Like other scoring and ranking techniques, these exercises may be used when individual opinions must be consolidated into a group decision. They have proved useful for planning and, especially, for decision-making by a group.

Steps in using the tool

  • Draw a priority-setting matrix on a flipchart or blackboard, leaving spaces for possible actions on rows and drawing columns for all chosen criteria; clearly explain the criteria to be used for ranking the courses of action.
  • Ask the group for possible actions to be evaluated and list them in the left column of the matrix; call for a brief explanation of each action.
  • Distribute scoring cards; each member gets one set of cards for each of the scoring criteria (e.g., 'effectiveness', 'feasibility', etc.); the number of cards in each criteria set must be equal to the number of actions being ranked, for example, if there are four actions, then each criteria set should contain a number from 1 to 4; when asked to assess the 'effectiveness' of a specific action, the member must hand in (or display) the appropriate card to the facilitator (i.e., if the participant feels that the action is the most effective of the four, then he or she will hand over the card marked '4' from the 'effectiveness' set); the same procedure has to be repeated for each action and each criteria; scoring cards with labels and different colors may help to avoid confusion.
  • Once a course of action has been evaluated, for all criteria, by all participants, jot down the scores in the matrix and then return the cards to the participants; after all repetitions, total the individual scores by criteria and report the totals in the right column of the matrix.
  • Ask participants to comment on the final results; clearly explain that the scores are meant to assist in decision-making, but that they do not provide the final solution; support participants in making a final decision by encouraging them to consider both the trends revealed by the total scores and the comments and suggestions resulting from the discussion.

Strengths

  • Priority-setting exercises help groups to identify the main thrust of their collective opinions, instead of just individual views.
  • They contribute to reaching a consensus on controversial issues.

Weaknesses

  • The final decision may be too heavily influenced by the scoring mechanism (e.g., a criterion not listed is forgotten, a criterion listed is taken as paramount).
  • Because of the complexity, a few trials may be needed at the beginning for the participants to learn the system.

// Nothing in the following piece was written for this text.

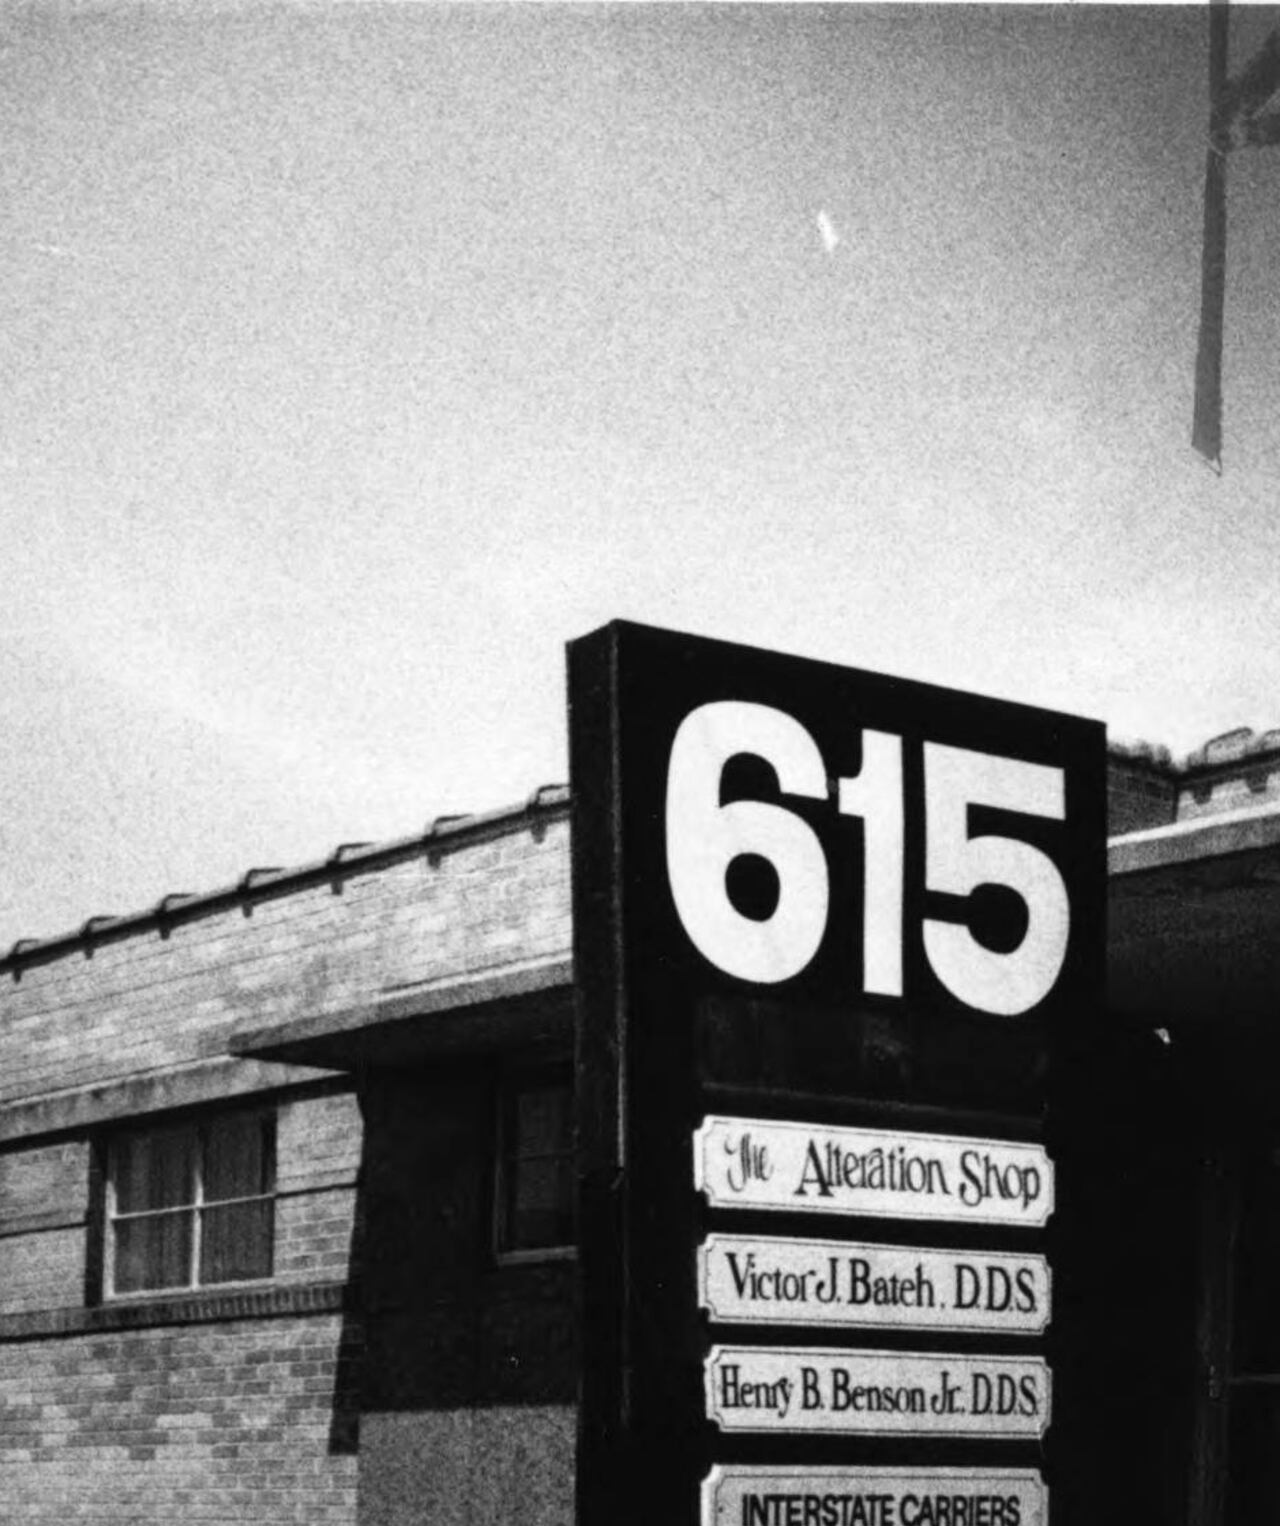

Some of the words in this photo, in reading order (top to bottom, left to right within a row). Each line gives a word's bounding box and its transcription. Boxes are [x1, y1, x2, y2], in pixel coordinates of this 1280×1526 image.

B.10 Strengths, weaknesses, opportunities and limitations (SWOL) analysis

SWOL analysis is a powerful tool for group assessment of an issue of concern, in particular interventions or services. It is based on a structured brainstorming aimed at eliciting group perceptions of the positive factors (strengths), the negative factors (weaknesses), the possible improvements (opportunities) and the constraints (limitations) related to the issue.

Purpose

SWOL analysis is especially useful for evaluating activities carried out in the community. It can be focused on services provided by external agencies, as well as used for self-evaluation of the interest group's own performance.

Steps in using the tool

  • A four-column matrix is drafted on the blackboard or on a flipchart and the four judgment categories are explained to participants; it helps to phrase the four categories as key questions, to which participants can respond; the issue of concern is written on top of the matrix (if it is the only one to be considered), or on the side, if several items will be SWOL-analyzed.
  • The facilitator starts the brainstorming by asking the group a key question about strengths; responses from the group are jotted down on the relevant column of the matrix.
  • When all points of strength are represented, weaknesses, opportunities and limitations are also identified by the group.
  • Participants may have different opinions about an issue, and contradictory statements may be expressed; in such cases, the facilitator can work towards a consensus, which may require a point to be discussed at some length; each entry is left on the final matrix only after achieving a group agreement.

Strengths

  • The technique stresses consideration of different sides (positive and negative) of the issues. It therefore helps to set the basis for negotiations and trade-offs and promotes understanding of the views of others.
  • SWOL is a good means to discuss an issue in detail within a group and to prepare the group to discuss with outsiders.
  • SWOL can promote group creativeness. It helps to link perceptions of things as they are with realistic expectations about how things could be.
  • 'Strengths' and 'weaknesses' tend to be more discriptive and easier for respondents to identify.

Weaknesses

  • 'Opportunities' and 'limitations' (i.e., threats, constraints or barriers) are more analytical concepts and may be hard to elicit.
  • Sensitive topics and differences of opinion may arise during the discussion.
  • Some group members may attempt to dominate the discussion.
  • Facilitator needs good synthesizing skills.


B.11 Role-playing

Role-playing consists of simulating events or interactions in a safe, make-believe setting with the aim of identifying (and sometimes altering) attitudes and behaviors which enhance or hamper the flow of communication in real life.

Purpose

Role-playing is helpful in training members of action-research teams and/or interest groups in communication skills. It may be used to develop simple theater sketches as entry points for involving a bigger audience in a discussion of social roles and communication behaviors.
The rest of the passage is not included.